To Laraki, the adoption of Color’s infrastructure demonstrates that the company can expand by providing basic healthcare access in underserved communities.

Genetic testing can’t replace one-on-one interaction with a doctor, Laraki said, but it can supply broad populations with data and an additional, typically more convenient access point for the healthcare system.

Genetic screening will have the biggest impact on human health when we forget it’s even there

For Laraki, genetic testing being a buzzy, highly touted healthcare tool or even a source of “infotainment” is beside the point. Although others in the space like 23andMe have doubled down on personalized drug development, Color’s chief executive believes genetic testing’s greatest value lies in the fact it serves as an easily scalable, low-cost preventative health measure.

“From my perspective, genomics will have the biggest impact when we forget it’s even there,” Laraki said. As long as people view genetic tests for high-risk conditions like cancer as a special add-on, that means it’s not weaved into a general conceptualization of what constitutes healthcare, he added.

By selling to health systems, public health bodies, and large employers, Color has found an efficient way to get genetic tests in the hands of people in a manner that will hopefully help keep people healthier.

“What Color in particular has been somewhat successful at doing is aligning patients, providers, and payers,” said CB Insights analyst Kedar Karkare. Companies like Color and its competitor, Helix, have made the bet that genetic screenings will fundamentally save on long-term disease management. 

Thus far, Karkare said he agreed it’s paid off. Like other companies that began sequencing people’s DNA at large scale, Color hasn’t yet shown evidence that its preventive genetic screens are helpful in a primary care setting. Its peer-reviewed publications using its data have contributed to preliminary research on how genetic data correlates with health conditions like cancer and liver failure.

Comparatively, Laraki sees the push into personalized drugs, like 23andMe’s partnerships, as feeding into the US healthcare system’s acute-care overspending problem.

“I don’t think that is the highest value utilization of something like genetics,” he said. “I think the biggest value creation that will come out of genetics is going to be in the actual care of people.”

According to Karkare, the partnership model that Color has used has more clearly married the goals of public health and for-profit companies, relative to other players in the consumer genomics space hoping to pivot to drug development.

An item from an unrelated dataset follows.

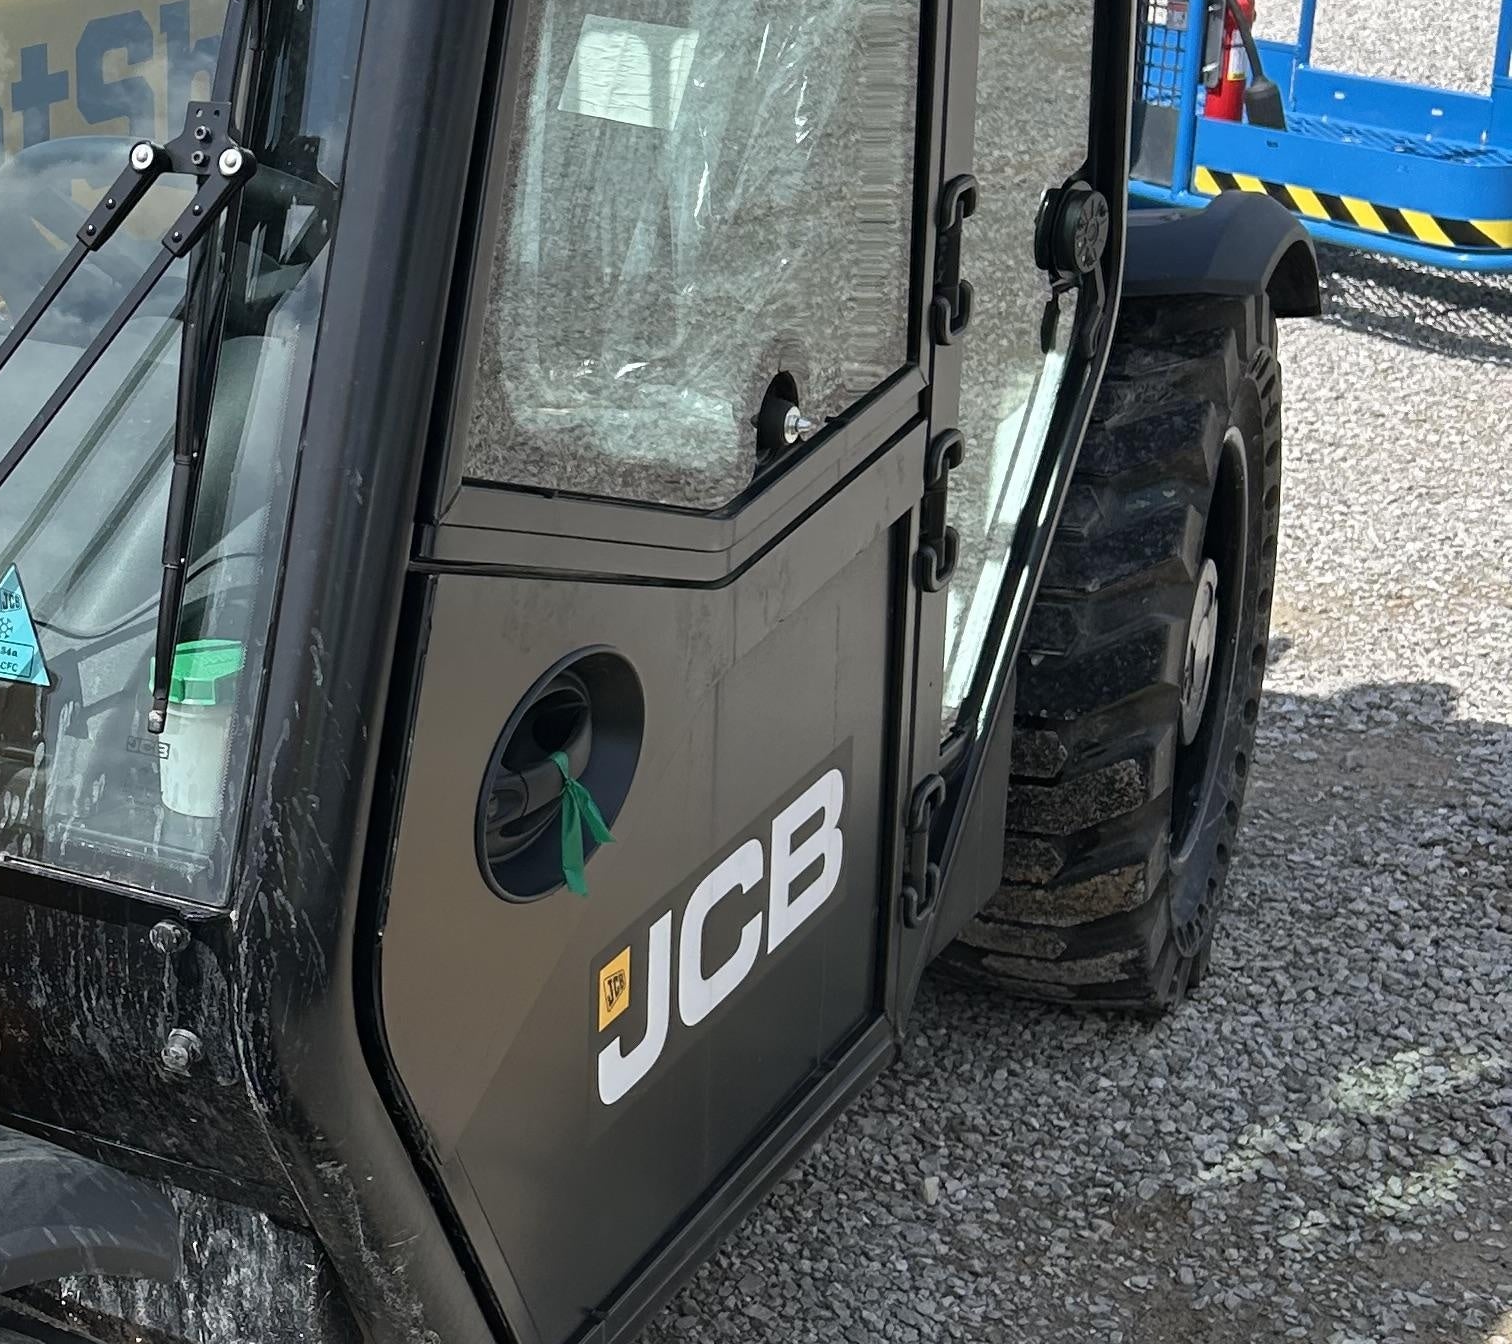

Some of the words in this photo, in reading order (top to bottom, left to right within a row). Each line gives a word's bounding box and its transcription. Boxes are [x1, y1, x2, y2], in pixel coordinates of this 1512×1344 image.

[1, 590, 22, 611] JCB
[598, 768, 843, 1105] JCB
[606, 972, 626, 1007] JCB

Genetic screening can help expand access to primary care

Laraki is firm in his faith that basic genetic screenings will one day become seamlessly integrated into primary care to the point that people will not even care about it or be aware of it. 

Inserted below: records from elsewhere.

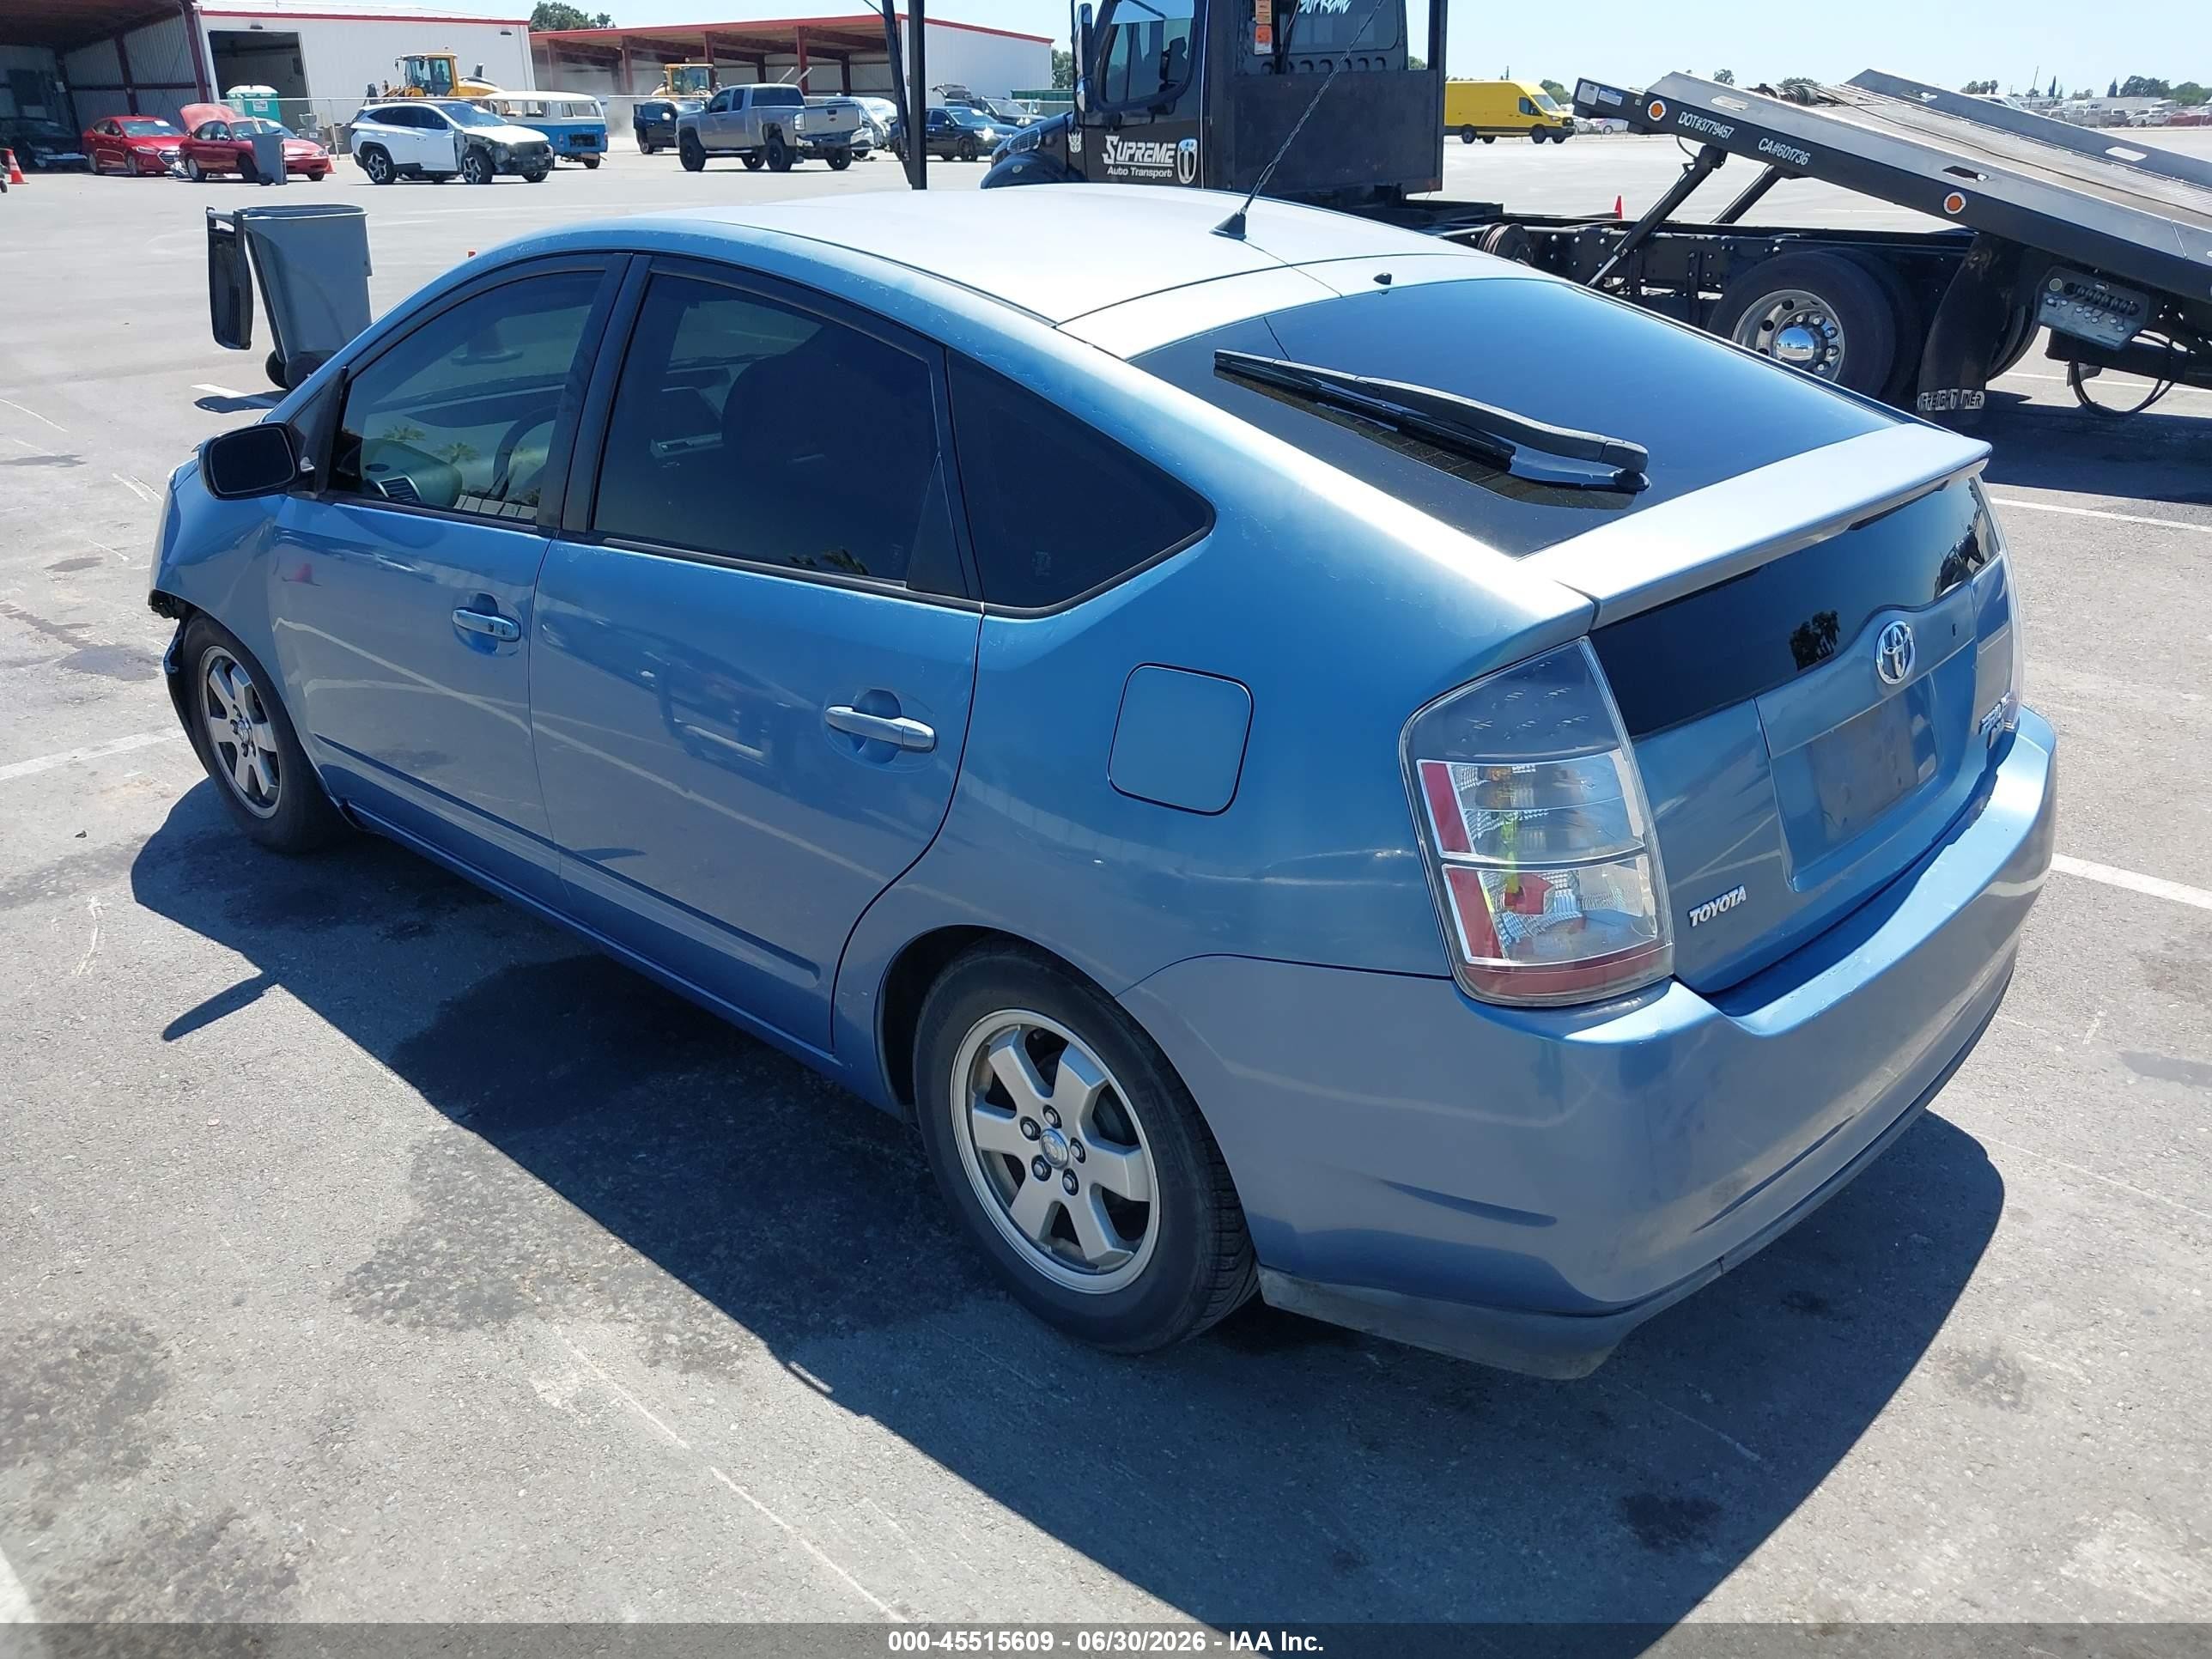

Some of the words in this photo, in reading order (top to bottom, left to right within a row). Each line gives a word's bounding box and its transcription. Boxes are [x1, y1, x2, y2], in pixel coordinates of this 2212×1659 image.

[1678, 112, 1735, 139] DOT#3779457
[1102, 135, 1176, 164] SUPREME
[1758, 137, 1811, 166] CA#601736
[1107, 166, 1128, 176] Auto
[1130, 167, 1173, 179] Transport
[1688, 884, 1747, 927] TOYOTA

Though broader consumer DNA testing has raised alarm bells about companies owning — and profiting off —personal genetic data, he said he believes the larger concern is about health data, more broadly speaking. He pointed to large-scale patient billing information data breaches and STD test results as examples of more alarming data that could fall into the wrong hands. 

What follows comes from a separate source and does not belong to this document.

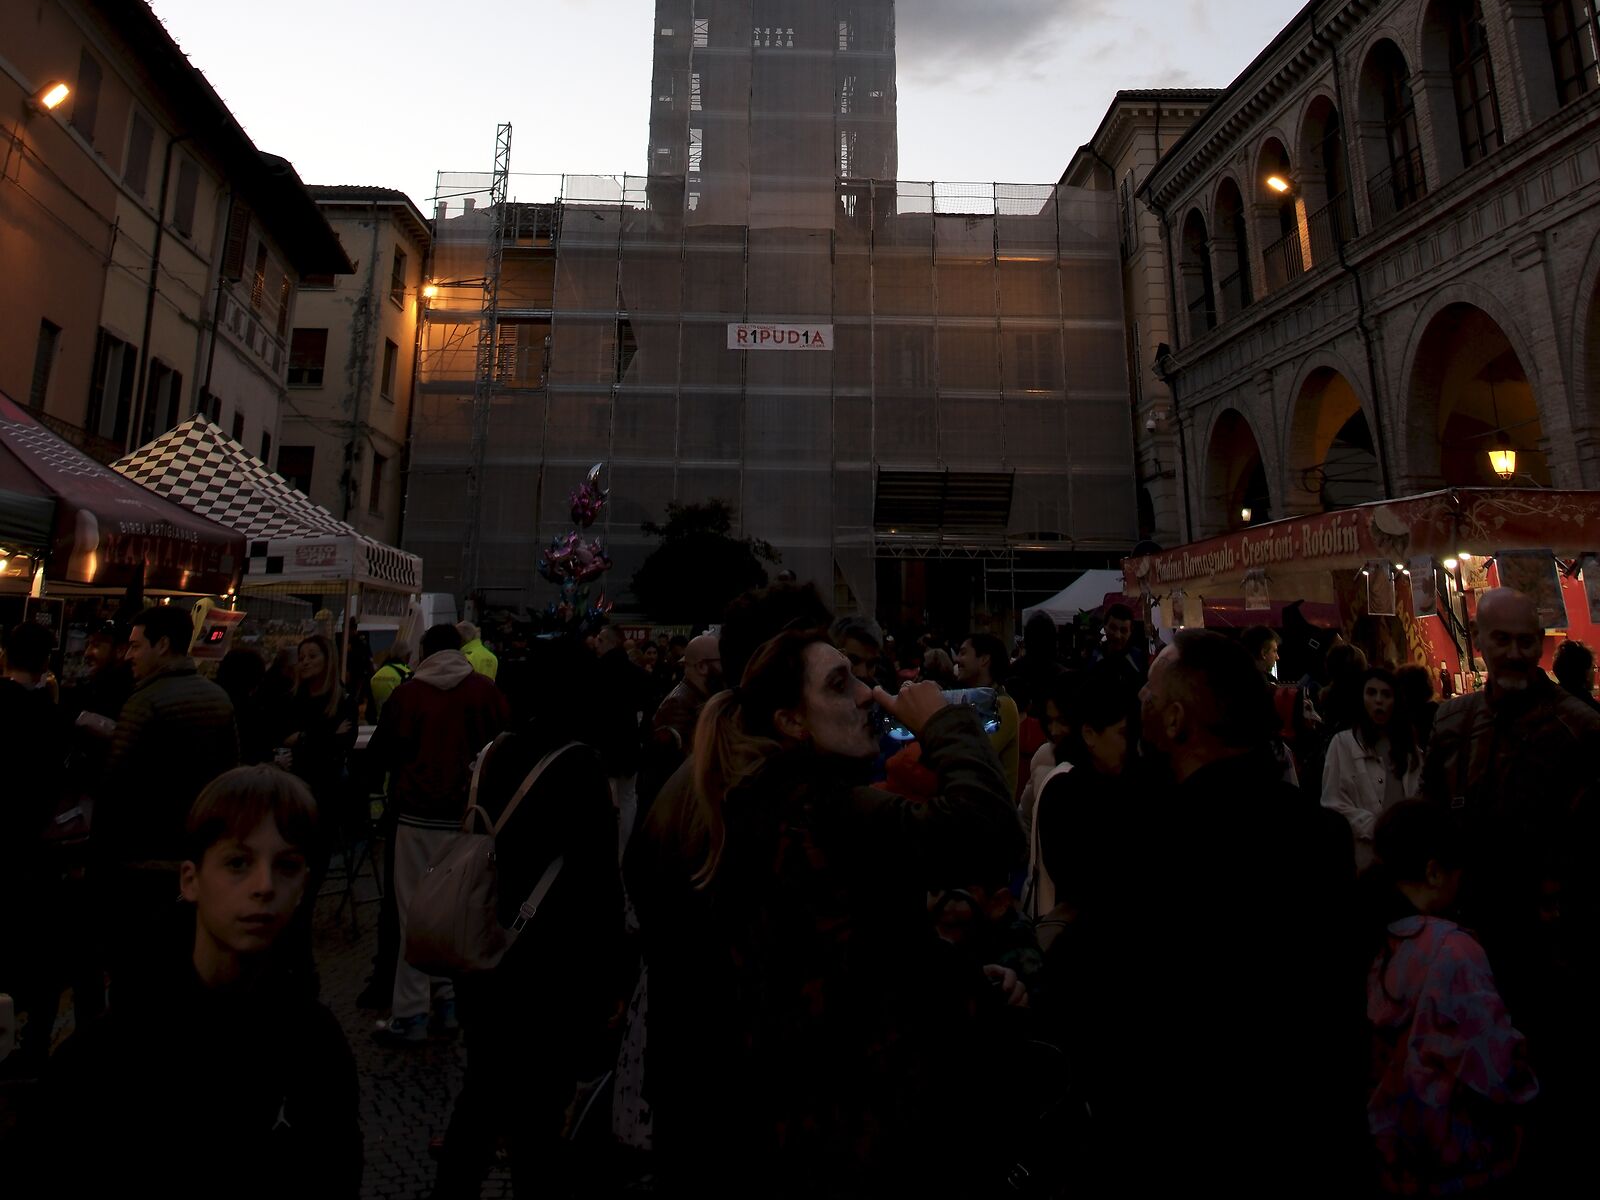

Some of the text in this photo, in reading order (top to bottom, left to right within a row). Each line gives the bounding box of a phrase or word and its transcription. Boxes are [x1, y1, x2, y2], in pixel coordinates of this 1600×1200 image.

“Genetics itself, relative to the rest of your health data portfolio, is actually not necessarily the scariest,” Laraki said. More harm comes from the right data not being used to help people, he said. 

From its start in 2015 at the height of the direct-to consumer DNA testing boom to now, Color has made clear it wants to ensure individual genetic testing is more than just a passing fad. By partnering with both public and private players, Laraki hopes his company will outlive even the very last waves of hype.

Nearly a year into the pandemic, Laraki says COVID-19 has made Color realize that its efforts in preventative health-based genetic testing are part of a larger category of population health — and the infrastructure that goes into making that happen. 

“What is the approach to make basic healthcare services extremely accessible? I think that’s the big transition that we went through last year,” he said. 

Some of that just happens to involve genetics.